Once you’ve selected an answer for all 36 items, click the “get score” button and your score will be displayed at the top of the page.
Scoring the Test
Your score is a measure of how many out of the 36 items you answer correctly. You’ll also get a list of which answers you missed and a short summary of where your score fits in the distribution (below average, average or above average).
Here is my scoring information:
Your score: 31
A typical score is in the range 22-30. If you scored over 30, you are very accurate at decoding a person’s facial expressions around their eyes. A score under 22 indicates you find this quite difficult.
The correct answers for the ones you missed are: [I added in my answers in brackets so you can laugh at how wildly off some of them are]
17: doubtful [I chose affectionate – this could be a serious gaffe in a social situation!]
18: decisive [I chose bored]
19: tentative [I chose grateful]
28: interested [I chose affectionate – not that far off]
35: nervous [I chose contemplative]
Like the “Fear, Anger, Joy” test, I scored slightly above average. I’m starting to question how much these tests say about a person’s ability to read facial expressions in “live” social contexts.
When I’m taking a test like this, there are two artificial constraints:
I’m forcing myself to intensely focus on and study each facial expression.
I’m given limited options to choose from.
Based on the availability of 4 choices, random guessing alone would result in, on average, 13 correct answers. If you look at the options for each expression, at least one and often two are obviously incorrect (to me, and that may just be me). One of my primary test taking strategies is process of elimination and my approach to this test was no different. If I can eliminate one or two options, my odds of guessing correctly go up significantly.

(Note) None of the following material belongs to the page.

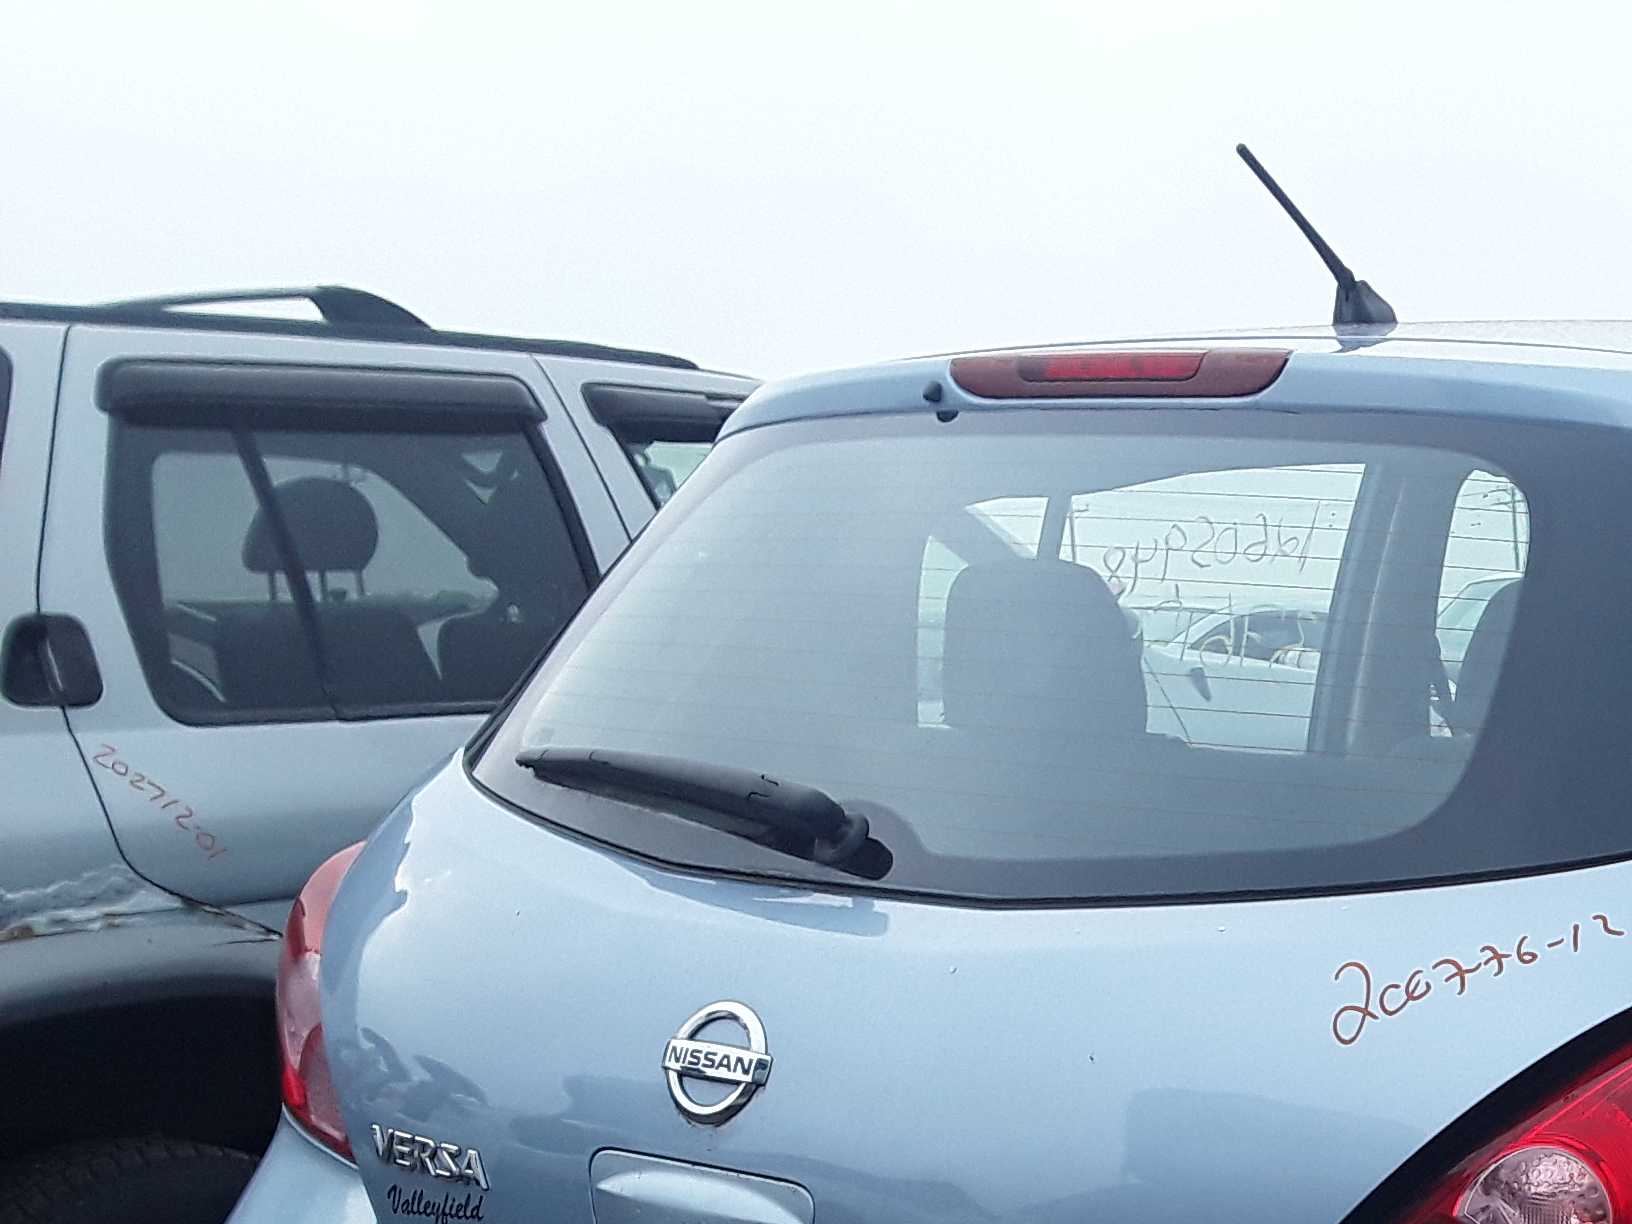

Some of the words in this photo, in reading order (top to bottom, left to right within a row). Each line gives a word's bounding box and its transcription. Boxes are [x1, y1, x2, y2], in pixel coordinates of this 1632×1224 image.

[1331, 912, 1626, 1046] 200776-12
[667, 1045, 755, 1077] NISSAN
[371, 1123, 490, 1191] VERSA

The artificial nature of the test seems to reduce its value in identifying problems with ToM. When I’m interacting with another person, I’m usually too preoccupied with trying to follow the conversation to spend much time “studying” the other person’s constantly changing expressions.
Often when I’m concentrating on a conversation, I’ll look away from the other person’s face because I find it easier to process information that way. You can’t gather a lot of facial expression data when you’re staring out the window. And, most importantly, there are no prompts. The other person’s expression could be saying literally anything and I have no helpful cue words to narrow that down for me.

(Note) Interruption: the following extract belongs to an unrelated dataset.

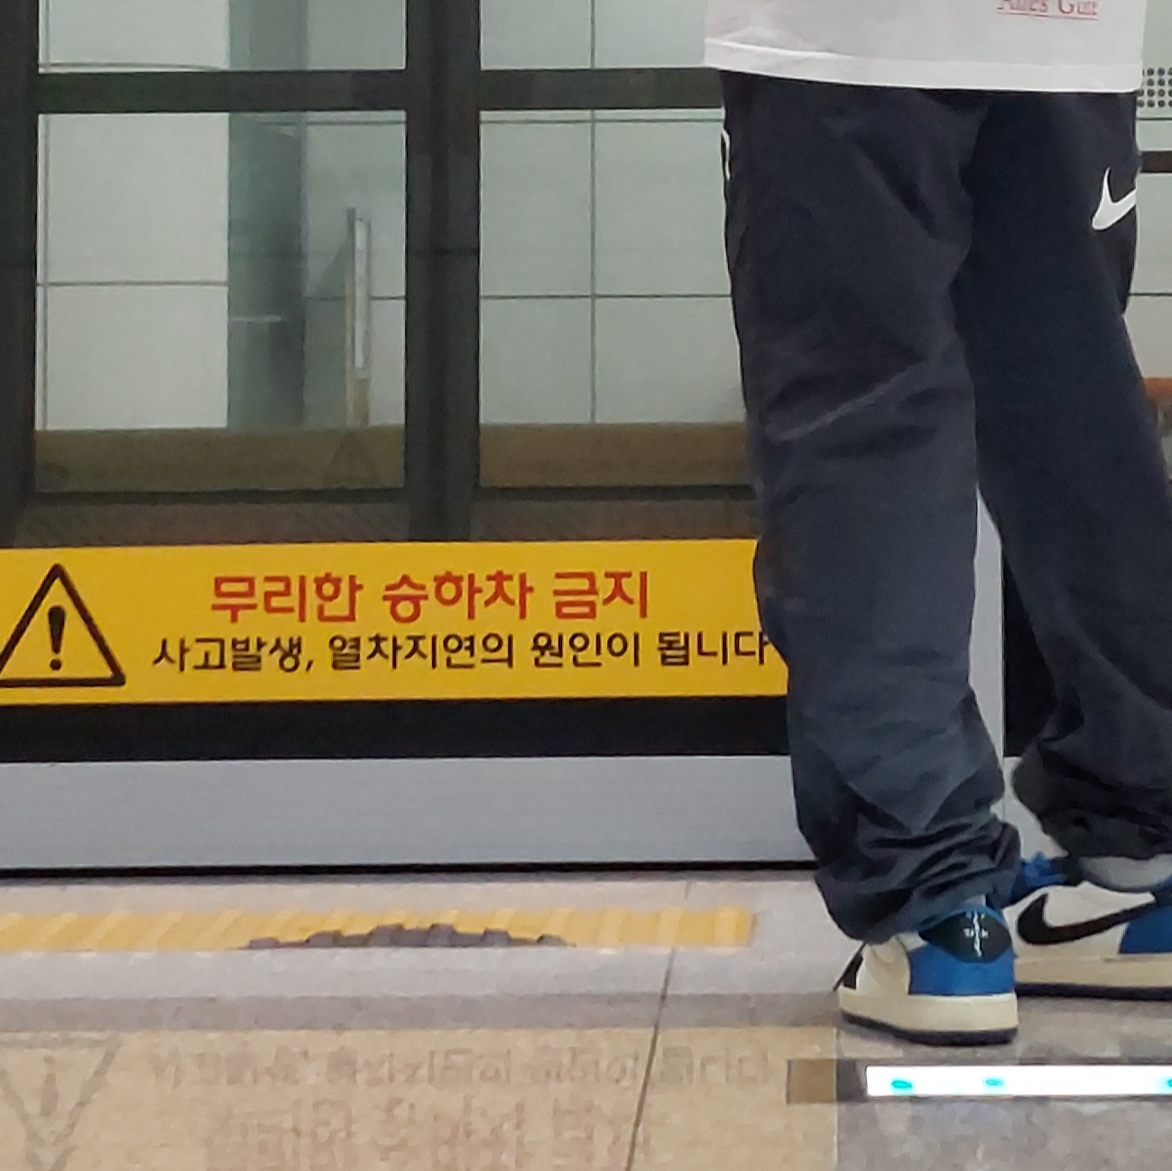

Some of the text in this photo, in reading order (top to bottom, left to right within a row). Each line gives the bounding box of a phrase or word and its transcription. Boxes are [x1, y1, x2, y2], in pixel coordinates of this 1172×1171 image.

[211, 570, 648, 624] 무리한 승하차 금지
[152, 631, 769, 672] 사고발생, 열차지연의 원인이 됩니다

Then there is the fact that recognizing an expression is one thing; attributing causation is another thing entirely. Facial expressions are supposed to provide the clues that allow us to understand what another person is experiencing (the content of their mental state). Recognizing an expression of anticipation is the first step; deducing what the other person is anticipating should logically follow. Together these make up the concept of Theory of Mind.
To say that the Reading the Mind in the Eyes test is a measure of Theory of Mind is only partially true, especially for those of us on the spectrum. The second step of the process–understanding the content of the other person’s mental state–is where I often go wrong.
The Bottom Line
This is an interesting test of static facial expression reading. It’s value as a test of Theory of Mind is less certain.